Nel Pd Letta è uscito rafforzato dal voto amministrativo, ma ha subìto una battuta d’arresto per lo stop del ddl Zan; nell’assemblea dei senatori (svoltasi a porte chiuse) l’ala moderata ha contestato il ritardo nella trattativa sulla legge, mentre la sinistra ha presentato il testo come intoccabile bandiera identitaria (ma quale congresso dem ha discusso e votato sull’identità di genere?).
In concreto il segretario non controlla pienamente i gruppi, divisi anche sul Quirinale; difende il Governo Draghi (ma da sinistra Bersani lo invita a prendere le distanze dalle misure sulla liberalizzazione, molto lontana dalle idee socialiste); continua ad auspicare una “maggioranza Ursula”, ma Conte, Calenda, Renzi e Berlusconi non ci stanno, con veti incrociati.
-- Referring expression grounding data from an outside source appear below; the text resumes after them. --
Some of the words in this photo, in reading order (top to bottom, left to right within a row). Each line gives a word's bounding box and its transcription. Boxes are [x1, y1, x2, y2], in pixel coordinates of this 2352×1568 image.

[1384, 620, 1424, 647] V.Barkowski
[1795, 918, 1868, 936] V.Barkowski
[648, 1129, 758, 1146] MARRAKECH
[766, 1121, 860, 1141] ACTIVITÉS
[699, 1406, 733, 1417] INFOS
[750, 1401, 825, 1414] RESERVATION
Conte, Salvini, Letta, leader di un Parlamento senza maggioranze qualificate, dovrebbero prendere atto, senza tatticismi, che il governo di solidarietà nazionale, voluto da Mattarella, per ora non ha alternative, mentre il Paese combatte ancora contro la pandemia e per l’attuazione del piano nazionale di ripresa e resilienza, con uno stanziamento europeo senza precedenti. In una situazione storica diversa (la lotta al terrorismo sanguinario degli anni settanta) la Dc e il Pci diedero vita a una breve parentesi di “solidarietà nazionale”, che difese le istituzioni democratiche e la convivenza civile, anche reggendo alla tragedia dell’assassinio di Aldo Moro.
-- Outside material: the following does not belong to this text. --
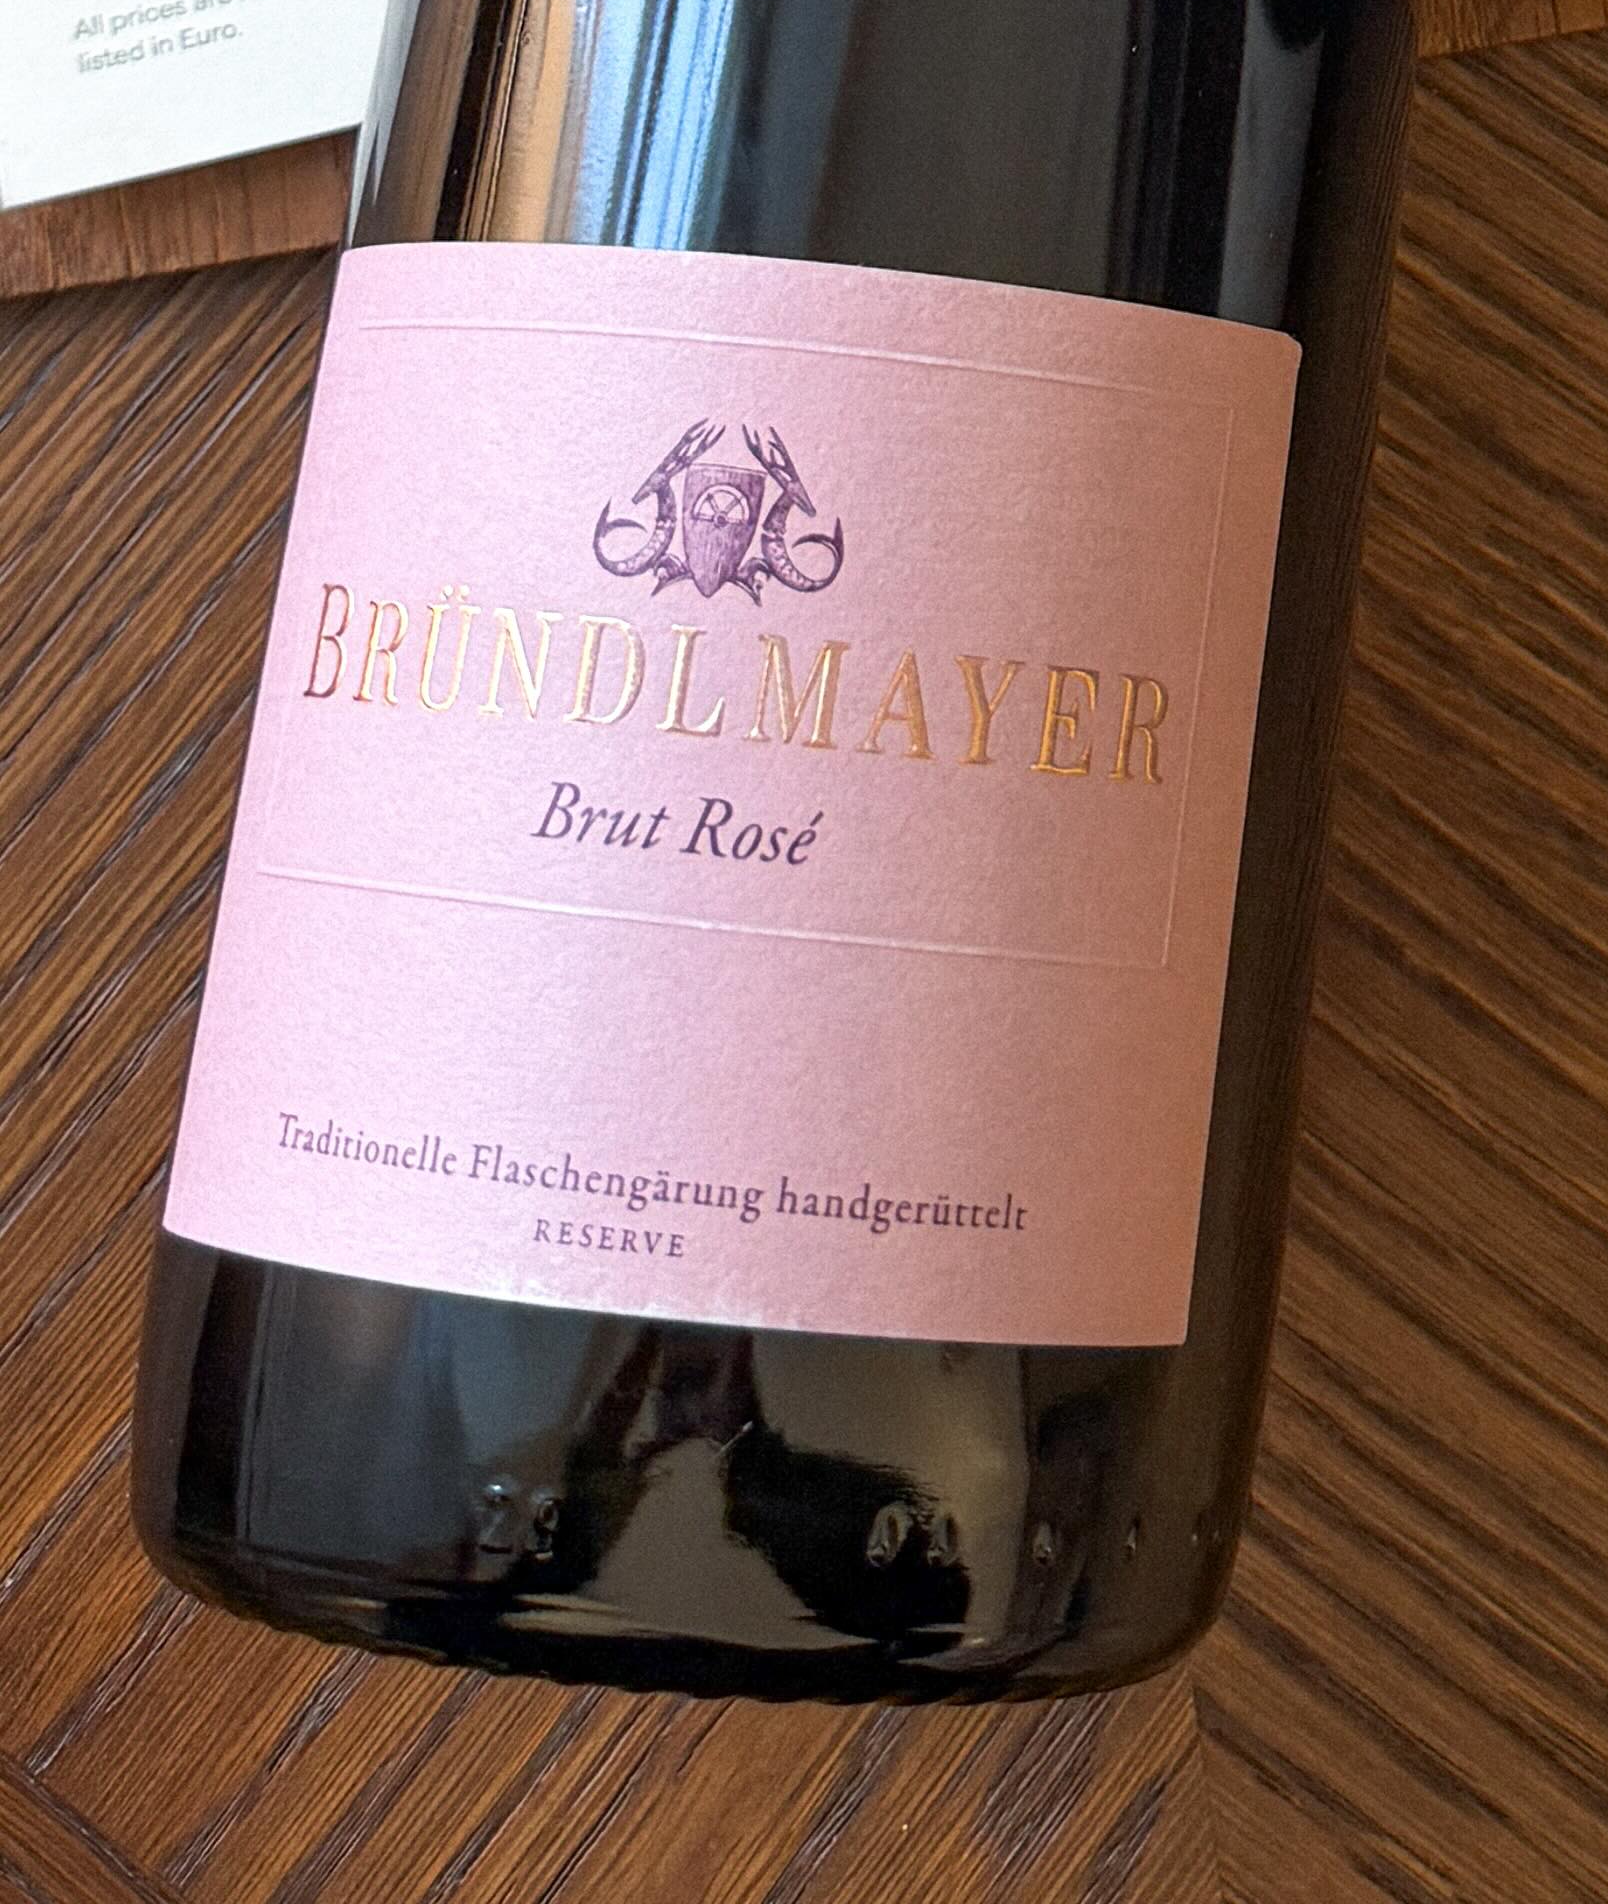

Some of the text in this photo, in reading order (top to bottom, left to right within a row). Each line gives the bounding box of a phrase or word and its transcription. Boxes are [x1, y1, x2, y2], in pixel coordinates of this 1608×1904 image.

Oggi le forze politiche di maggioranza, divise e frammentate, potrebbero usare i 18 mesi che ci separano dal voto politico per definire meglio i programmi e le alleanze, con una visione strategica delle esigenze del Paese, superando i personalismi e gli interessi di corrente. Dopo due anni di pandemia sarebbe un suicidio politico perdere il treno della ripresa economica e sociale.